Annotated photo localization data:
--- START ---

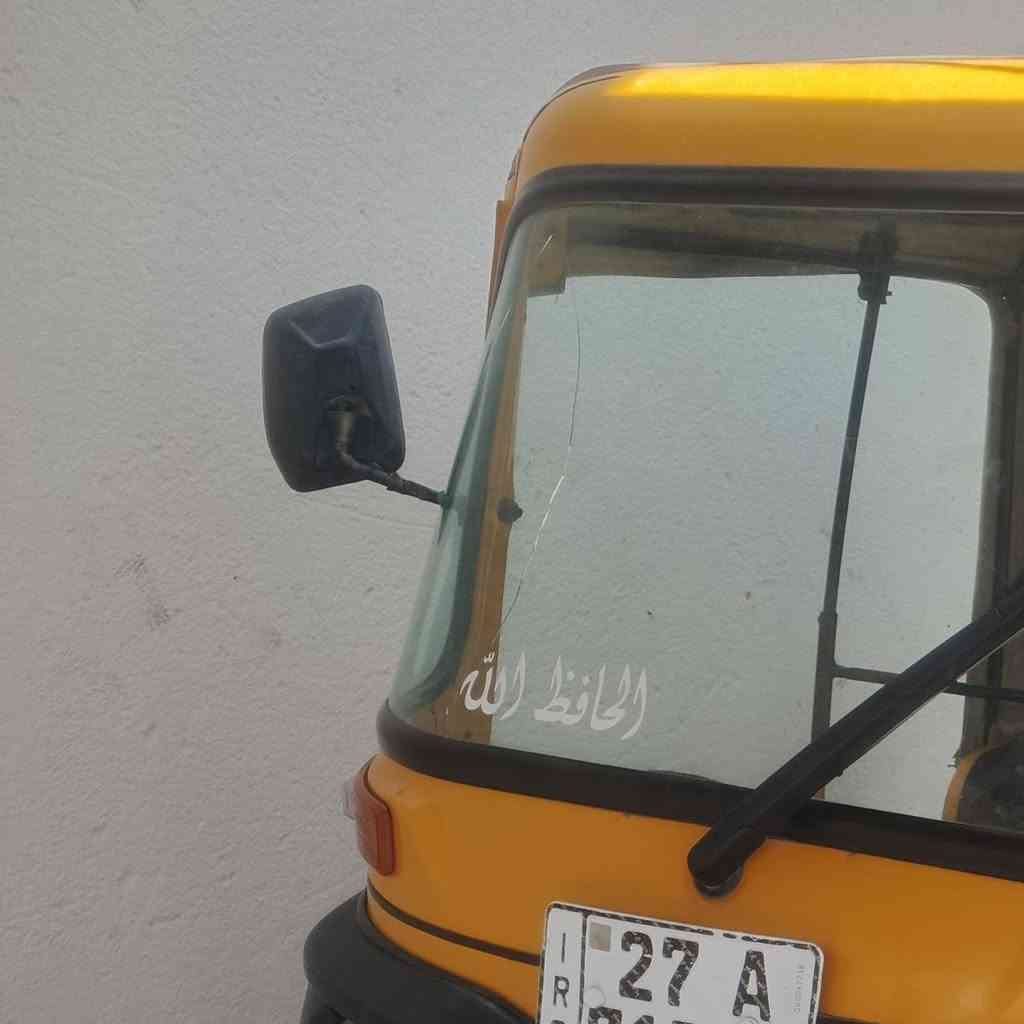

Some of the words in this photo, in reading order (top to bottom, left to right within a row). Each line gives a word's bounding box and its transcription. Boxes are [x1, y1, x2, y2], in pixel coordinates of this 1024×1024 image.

[459, 651, 527, 721] الله
[534, 655, 648, 741] الحافظ
[618, 930, 700, 1007] 27
[732, 950, 771, 1022] A

--- END ---

§ **Task prompt**:
The data above are to be repeated word for word, with any pictures left out.

§ **Written solution**:
Some of the words in this photo, in reading order (top to bottom, left to right within a row). Each line gives a word's bounding box and its transcription. Boxes are [x1, y1, x2, y2], in pixel coordinates of this 1024×1024 image.

[459, 651, 527, 721] الله
[534, 655, 648, 741] الحافظ
[618, 930, 700, 1007] 27
[732, 950, 771, 1022] A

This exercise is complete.